Moby-Duck: The True Story of 28,800 Bath Toys Lost at Sea & of the Beachcombers, Oceanograp hers, Environmentalists & Fools Including the Author Who Went in Search of Them

Image of Moby-Duck: The True Story of 28,800 Bath Toys Lost at Sea & of the Beachcombers, Oceanograp hers, Environmentalists & Fools Including the Author Who Went in Search of Them
Author(s): 
Release Date: 
March 2, 2011
Publisher/Imprint: 
Viking
Pages: 
416
Reviewed by: 

They say it takes only the first paragraph to know if you’re in good literary hands. In the case of journalist Donovan Hohn’s debut book, a nonfiction quest tale, you don’t have to wait that long.
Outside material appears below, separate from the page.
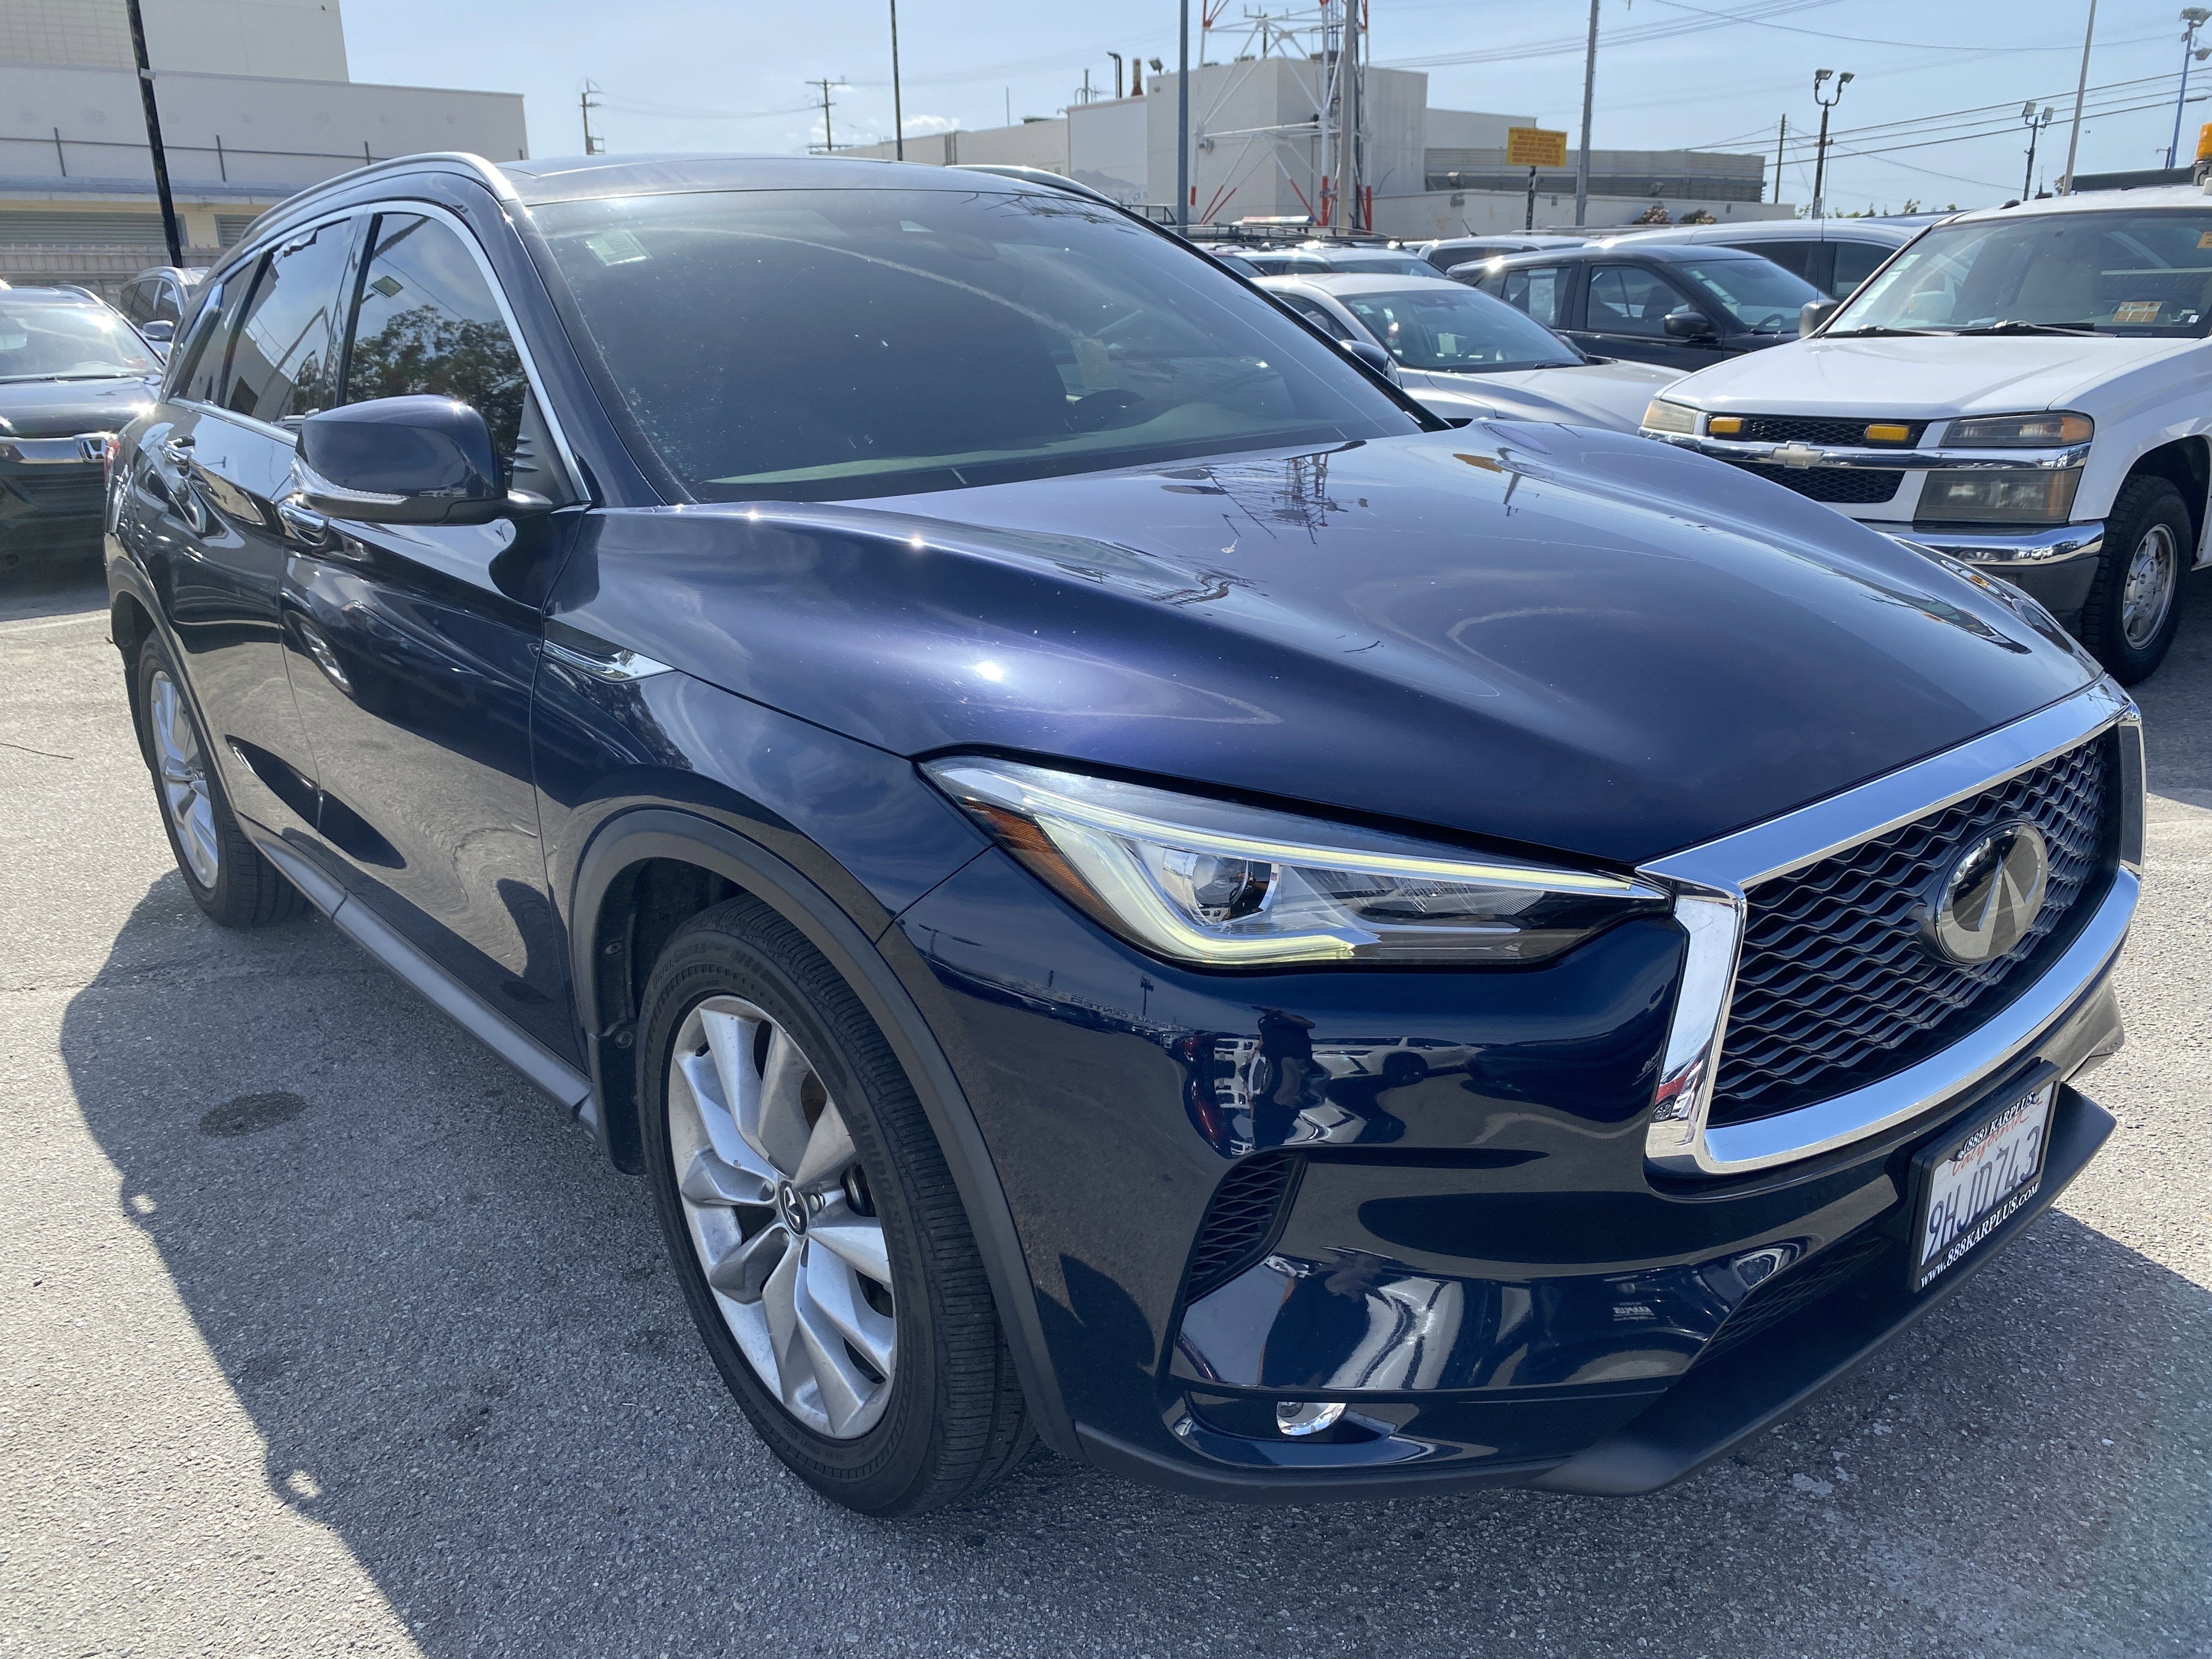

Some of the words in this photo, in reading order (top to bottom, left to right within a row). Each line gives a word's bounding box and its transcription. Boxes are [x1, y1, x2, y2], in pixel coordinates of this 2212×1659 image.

The title, alone, does it: Moby-Duck, The True Story of 28,000 Bath Toys Lost at Sea and of the Beachcombers, Oceanographers, Environmentalists, and Fools, Including the Author, Who Went in Search of Them. A prologue confirms the first impression—and augments it, previewing how Hohn will recount his adventures at sea with expertise, wit, humor, and charm.

It’s the full, informed narrative, however, that proves Hohn’s success as a popular science writer. Interspersing his quest story with delightful self-deprecating remarks about his innocence and ignorance, as he includes ever-increasing authoritative technical details, Hohn consistently engages the reader by way of admirable storytelling skills. The ambivalent theme of the attractions and dangers of nonbiodegradable duckies deepens with the author’s intermittent five-year quest, and is enhanced by brief but astute delineations of the various characters, amateur and pro, that he meets along his watery way. Nautical metaphors mount, literary references and allusions assert themselves, and sentence rhythms take on the roll of the sea.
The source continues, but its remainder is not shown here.